TASK DATA
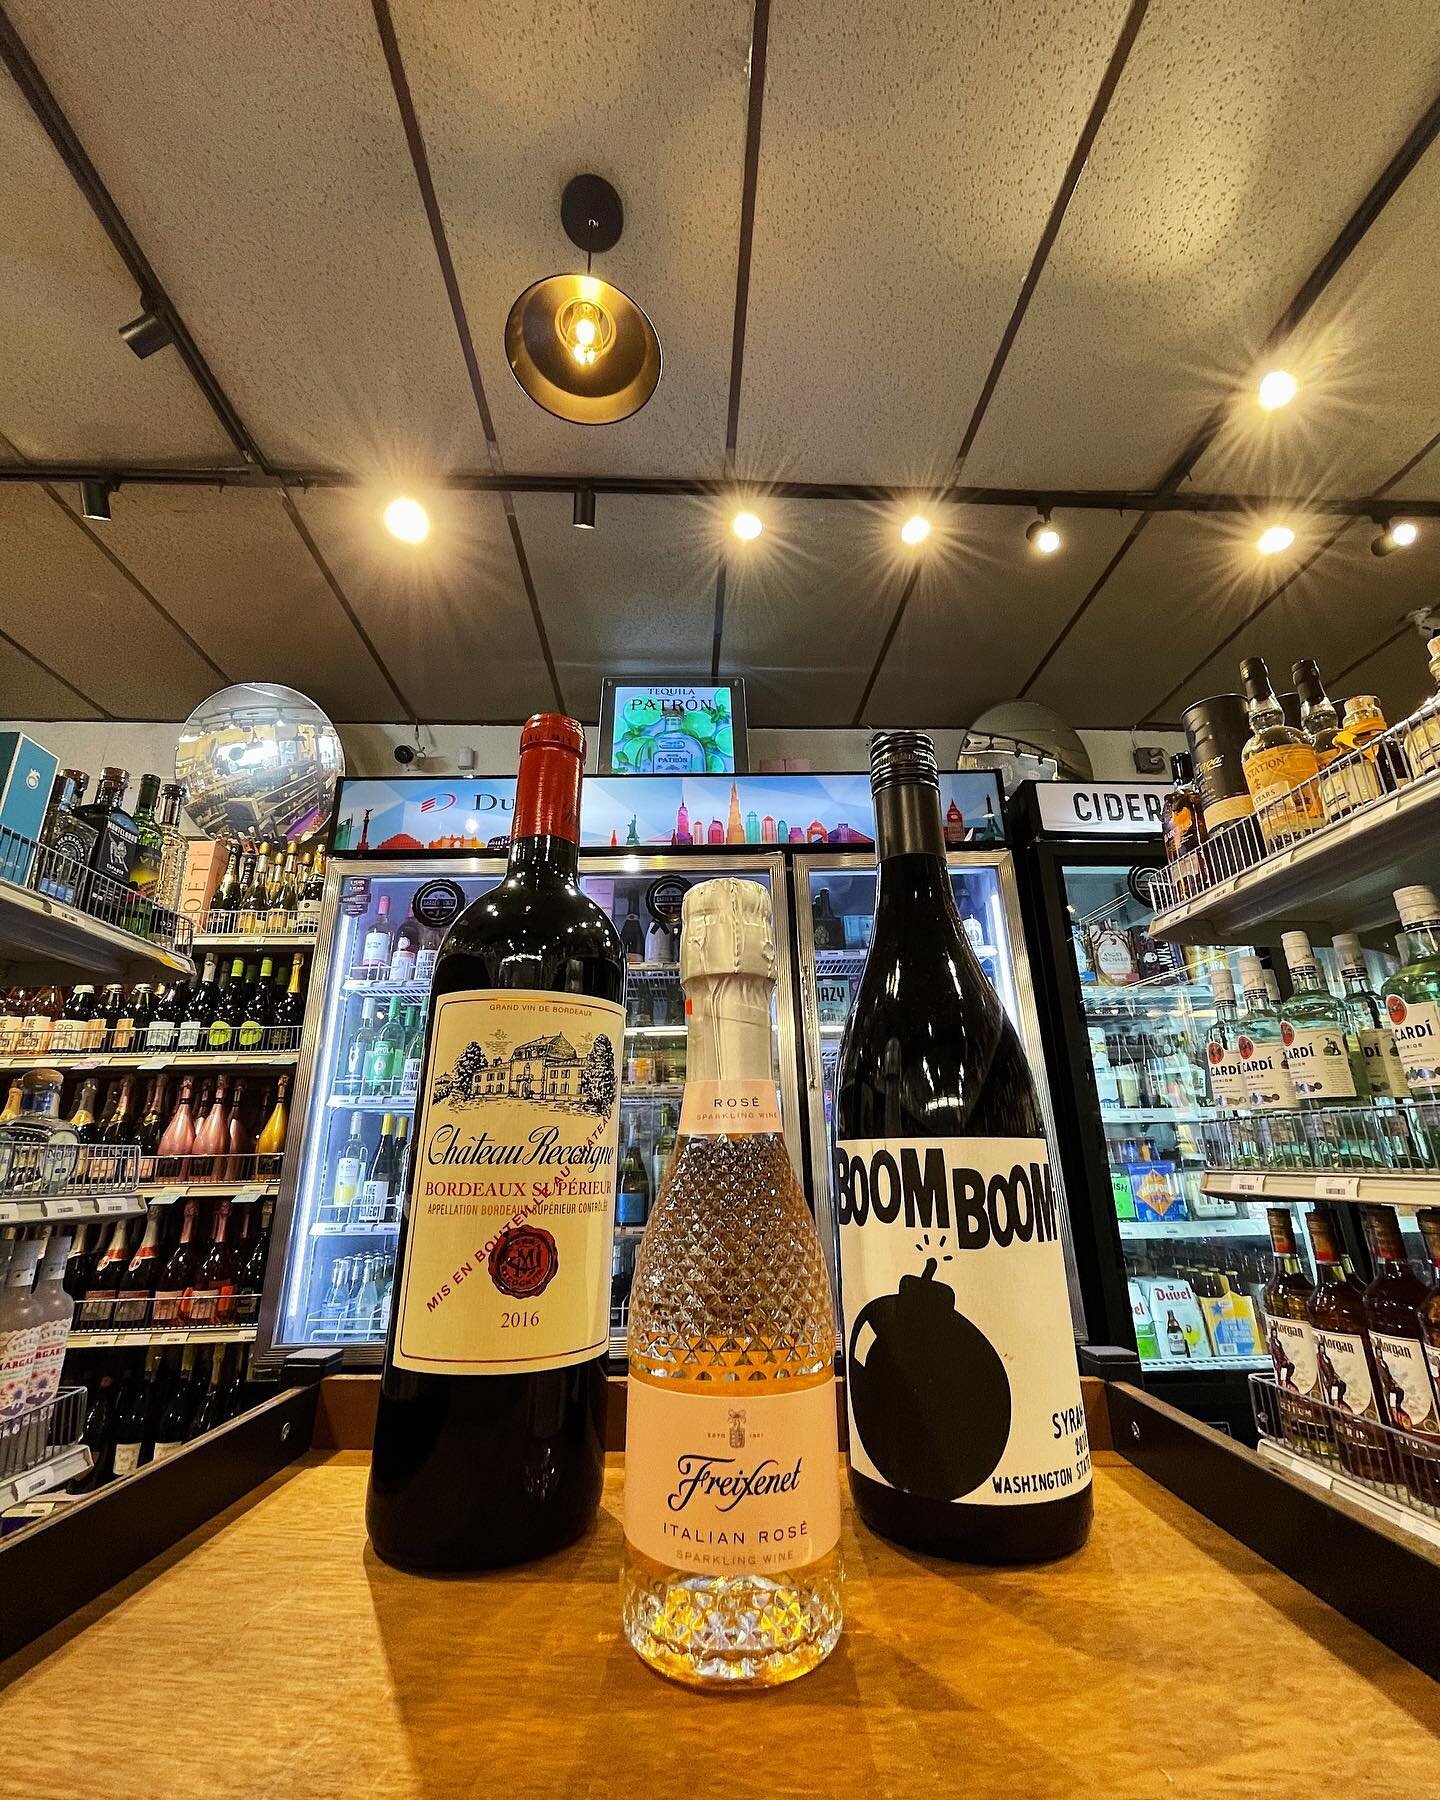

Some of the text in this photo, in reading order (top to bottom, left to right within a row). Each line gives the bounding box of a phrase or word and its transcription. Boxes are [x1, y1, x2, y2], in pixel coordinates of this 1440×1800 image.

[648, 688, 695, 696] TEQUILA
[631, 696, 713, 711] PATRÓN
[490, 1003, 593, 1017] GRAND VIN DE BORDEAUX
[714, 1097, 760, 1108] ROSÉ
[696, 1113, 754, 1121] SPARKLING
[428, 1124, 525, 1166] Château
[425, 1177, 612, 1197] BORDEAUX SUPÉRIEUR
[832, 1147, 1058, 1250] BOOM BOOM
[427, 1203, 478, 1216] APPELLATION
[481, 1204, 530, 1217] BORDEAUX
[532, 1201, 577, 1216] SUPÉRIEUR
[426, 1284, 452, 1312] MIS
[452, 1261, 473, 1285] EN
[474, 1188, 552, 1264] BOUTEILLE
[553, 1165, 571, 1188] AU
[1155, 1287, 1192, 1301] Duvel
[500, 1311, 540, 1328] 2016
[1272, 1319, 1304, 1339] Morgan
[1318, 1334, 1355, 1354] Morgan
[1374, 1336, 1413, 1359] Morgan
[668, 1454, 803, 1512] Freixenet
[992, 1467, 1073, 1494] WASHINGTON
[663, 1520, 808, 1545] ITALIAN ROSÉ
[676, 1549, 793, 1566] SPARKLING WINE
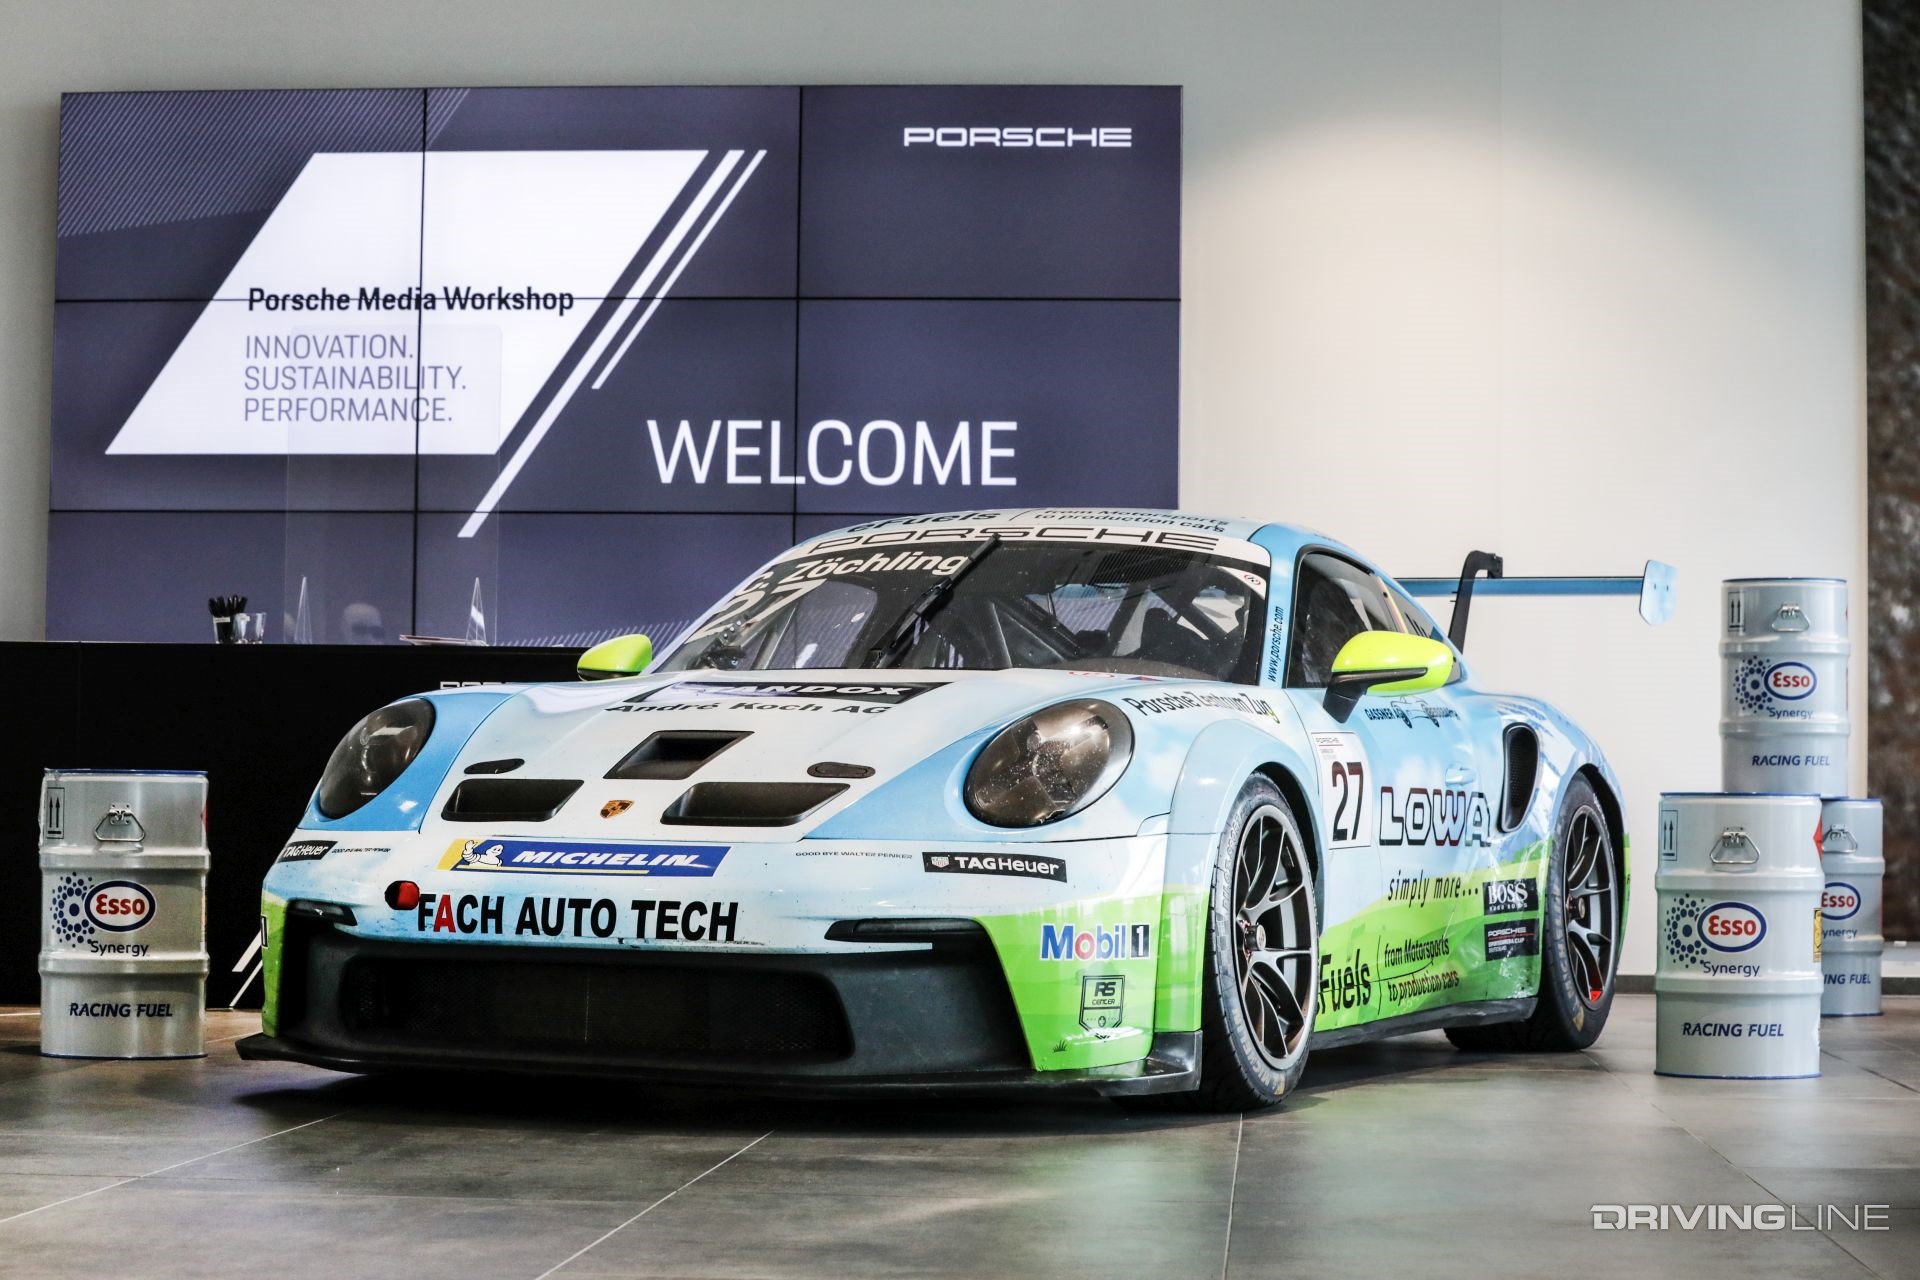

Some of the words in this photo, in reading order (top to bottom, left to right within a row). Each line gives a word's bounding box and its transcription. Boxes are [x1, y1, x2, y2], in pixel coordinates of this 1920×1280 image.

[904, 128, 1132, 147] PORSCHE
[248, 287, 350, 311] Porsche
[357, 287, 437, 311] Media
[443, 286, 574, 316] Workshop
[245, 334, 414, 360] INNOVATION.
[244, 365, 467, 390] SUSTAINABILITY.
[244, 397, 453, 422] PERFORMANCE.
[647, 419, 1017, 486] WELCOME
[848, 512, 1001, 533] eFuels
[1058, 514, 1179, 527] production
[1182, 521, 1225, 533] cars
[1098, 510, 1230, 526] Motorsports
[808, 526, 1219, 553] PORSCHE
[779, 551, 970, 584] Zöchling
[1268, 606, 1284, 683] www.porsche.com
[1773, 671, 1810, 688] Esso
[605, 701, 718, 713] André
[728, 702, 824, 713] Koch
[831, 705, 893, 714] AG
[1121, 692, 1196, 717] Porsche
[1769, 707, 1813, 719] Synergy
[1751, 755, 1801, 766] RACING
[1804, 755, 1830, 766] FUEL
[1331, 760, 1365, 843] 27
[1379, 786, 1491, 847] LOWA
[512, 850, 709, 868] MICHELIN
[1388, 869, 1430, 908] simply
[1488, 882, 1528, 905] BOSS
[95, 894, 146, 915] Esso
[417, 893, 505, 935] FACH
[515, 896, 617, 939] AUTO
[630, 899, 738, 942] TECH
[1708, 915, 1757, 936] Esso
[1041, 924, 1126, 960] Mobil
[1823, 928, 1857, 939] ynergy
[90, 940, 149, 956] Synergy
[1384, 943, 1403, 967] from
[1404, 936, 1450, 963] Motorsports
[1703, 961, 1760, 977] Synergy
[1850, 973, 1871, 985] FUEL
[1316, 949, 1371, 1014] Fuels
[1388, 980, 1398, 1002] to
[1399, 970, 1442, 1006] production
[1443, 970, 1460, 990] cars
[69, 1002, 131, 1017] RACING
[136, 1003, 173, 1017] FUEL
[1682, 1022, 1743, 1037] RACING
[1748, 1023, 1785, 1037] FUEL

THE PROBLEM
The records above must be echoed exactly, minus their pictures.

RESPONSE
Some of the text in this photo, in reading order (top to bottom, left to right within a row). Each line gives the bounding box of a phrase or word and its transcription. Boxes are [x1, y1, x2, y2], in pixel coordinates of this 1440×1800 image.

[648, 688, 695, 696] TEQUILA
[631, 696, 713, 711] PATRÓN
[490, 1003, 593, 1017] GRAND VIN DE BORDEAUX
[714, 1097, 760, 1108] ROSÉ
[696, 1113, 754, 1121] SPARKLING
[428, 1124, 525, 1166] Château
[425, 1177, 612, 1197] BORDEAUX SUPÉRIEUR
[832, 1147, 1058, 1250] BOOM BOOM
[427, 1203, 478, 1216] APPELLATION
[481, 1204, 530, 1217] BORDEAUX
[532, 1201, 577, 1216] SUPÉRIEUR
[426, 1284, 452, 1312] MIS
[452, 1261, 473, 1285] EN
[474, 1188, 552, 1264] BOUTEILLE
[553, 1165, 571, 1188] AU
[1155, 1287, 1192, 1301] Duvel
[500, 1311, 540, 1328] 2016
[1272, 1319, 1304, 1339] Morgan
[1318, 1334, 1355, 1354] Morgan
[1374, 1336, 1413, 1359] Morgan
[668, 1454, 803, 1512] Freixenet
[992, 1467, 1073, 1494] WASHINGTON
[663, 1520, 808, 1545] ITALIAN ROSÉ
[676, 1549, 793, 1566] SPARKLING WINE

Some of the words in this photo, in reading order (top to bottom, left to right within a row). Each line gives a word's bounding box and its transcription. Boxes are [x1, y1, x2, y2], in pixel coordinates of this 1920×1280 image.

[904, 128, 1132, 147] PORSCHE
[248, 287, 350, 311] Porsche
[357, 287, 437, 311] Media
[443, 286, 574, 316] Workshop
[245, 334, 414, 360] INNOVATION.
[244, 365, 467, 390] SUSTAINABILITY.
[244, 397, 453, 422] PERFORMANCE.
[647, 419, 1017, 486] WELCOME
[848, 512, 1001, 533] eFuels
[1058, 514, 1179, 527] production
[1182, 521, 1225, 533] cars
[1098, 510, 1230, 526] Motorsports
[808, 526, 1219, 553] PORSCHE
[779, 551, 970, 584] Zöchling
[1268, 606, 1284, 683] www.porsche.com
[1773, 671, 1810, 688] Esso
[605, 701, 718, 713] André
[728, 702, 824, 713] Koch
[831, 705, 893, 714] AG
[1121, 692, 1196, 717] Porsche
[1769, 707, 1813, 719] Synergy
[1751, 755, 1801, 766] RACING
[1804, 755, 1830, 766] FUEL
[1331, 760, 1365, 843] 27
[1379, 786, 1491, 847] LOWA
[512, 850, 709, 868] MICHELIN
[1388, 869, 1430, 908] simply
[1488, 882, 1528, 905] BOSS
[95, 894, 146, 915] Esso
[417, 893, 505, 935] FACH
[515, 896, 617, 939] AUTO
[630, 899, 738, 942] TECH
[1708, 915, 1757, 936] Esso
[1041, 924, 1126, 960] Mobil
[1823, 928, 1857, 939] ynergy
[90, 940, 149, 956] Synergy
[1384, 943, 1403, 967] from
[1404, 936, 1450, 963] Motorsports
[1703, 961, 1760, 977] Synergy
[1850, 973, 1871, 985] FUEL
[1316, 949, 1371, 1014] Fuels
[1388, 980, 1398, 1002] to
[1399, 970, 1442, 1006] production
[1443, 970, 1460, 990] cars
[69, 1002, 131, 1017] RACING
[136, 1003, 173, 1017] FUEL
[1682, 1022, 1743, 1037] RACING
[1748, 1023, 1785, 1037] FUEL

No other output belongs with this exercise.